___ Data supplied

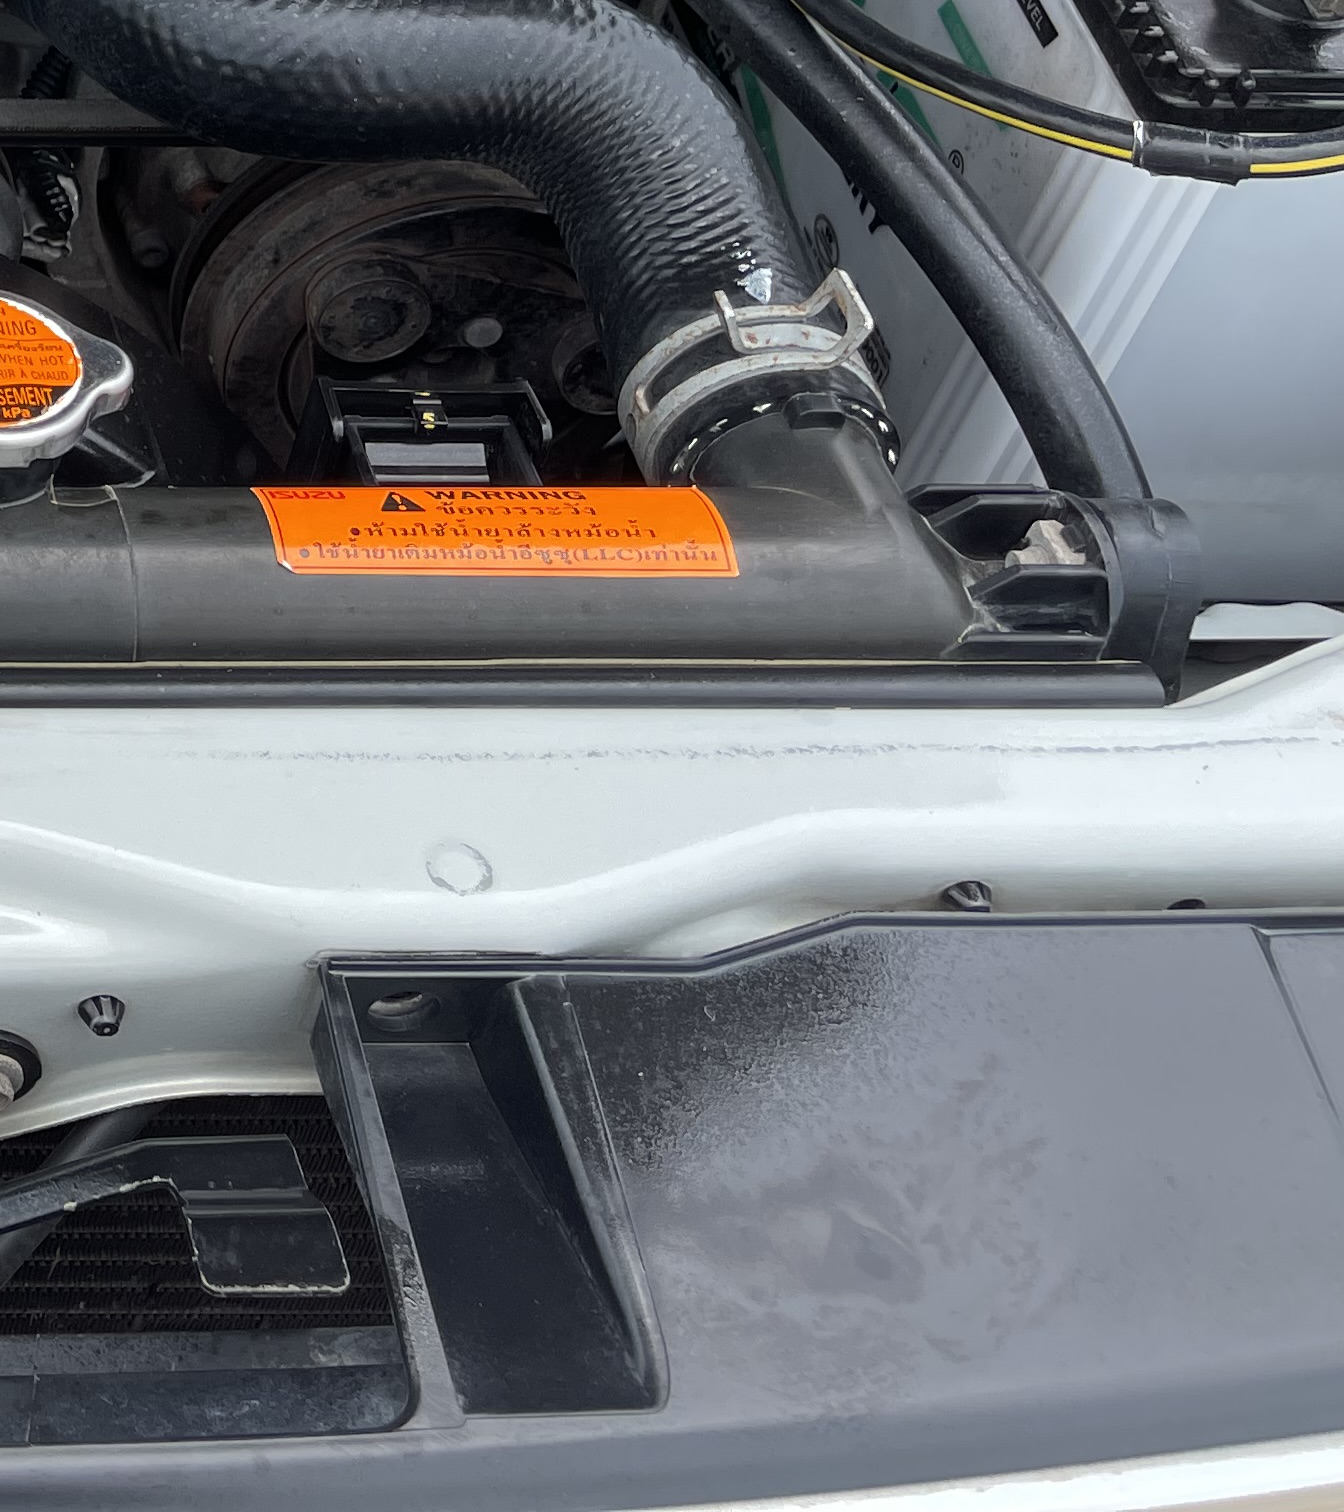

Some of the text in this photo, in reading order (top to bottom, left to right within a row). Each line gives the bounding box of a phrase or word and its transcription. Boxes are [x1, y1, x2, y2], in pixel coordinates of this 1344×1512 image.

[30, 369, 69, 382] CHAUD
[1, 406, 32, 420] kPa
[268, 490, 347, 501] ISUZU
[424, 489, 588, 502] WARNING
[435, 501, 598, 518] ข้อควรระวัง
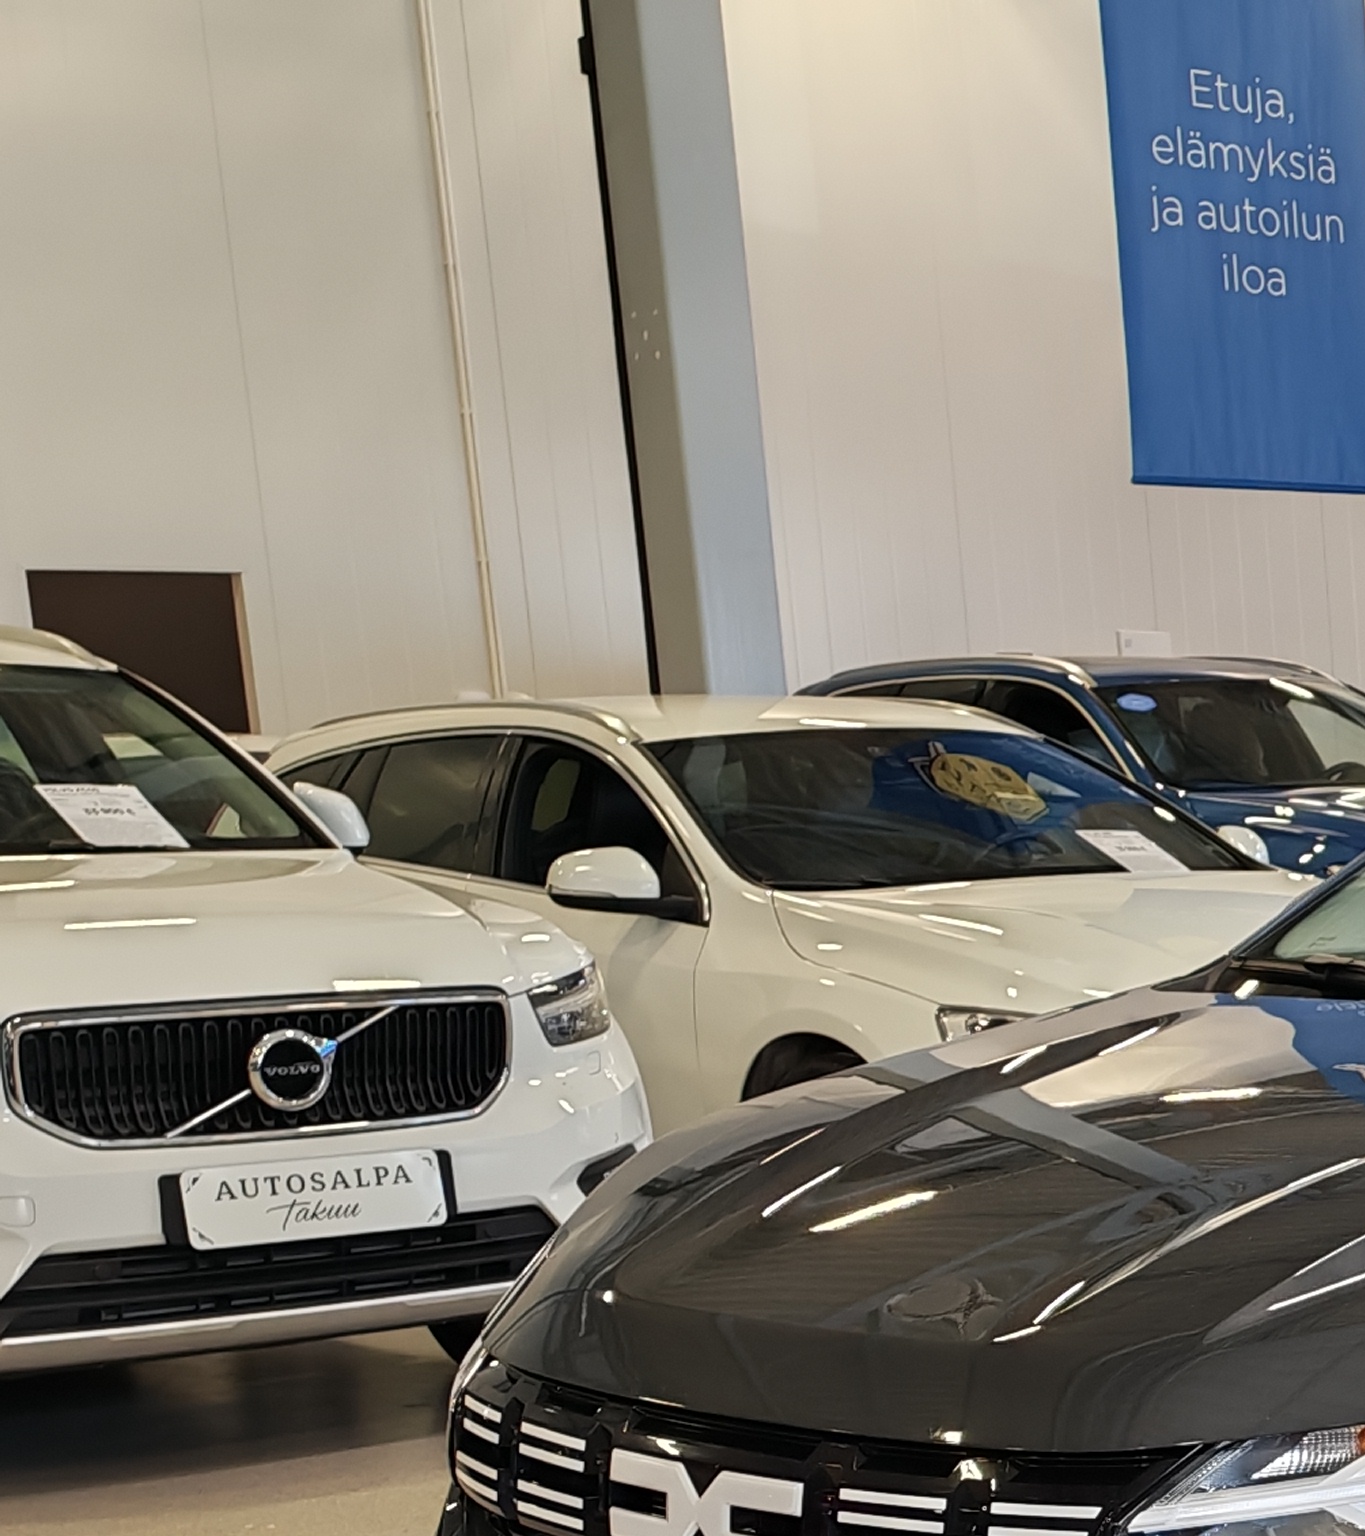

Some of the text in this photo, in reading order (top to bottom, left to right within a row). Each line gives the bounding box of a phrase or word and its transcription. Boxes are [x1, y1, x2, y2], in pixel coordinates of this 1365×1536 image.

______

### Exercise
Output the records above exactly; leave out the pictures.

### Answer section
Some of the text in this photo, in reading order (top to bottom, left to right within a row). Each line gives the bounding box of a phrase or word and its transcription. Boxes are [x1, y1, x2, y2], in pixel coordinates of this 1344×1512 image.

[30, 369, 69, 382] CHAUD
[1, 406, 32, 420] kPa
[268, 490, 347, 501] ISUZU
[424, 489, 588, 502] WARNING
[435, 501, 598, 518] ข้อควรระวัง

Some of the text in this photo, in reading order (top to bottom, left to right within a row). Each line gives the bounding box of a phrase or word and its transcription. Boxes are [x1, y1, x2, y2], in pixel coordinates of this 1365×1536 image.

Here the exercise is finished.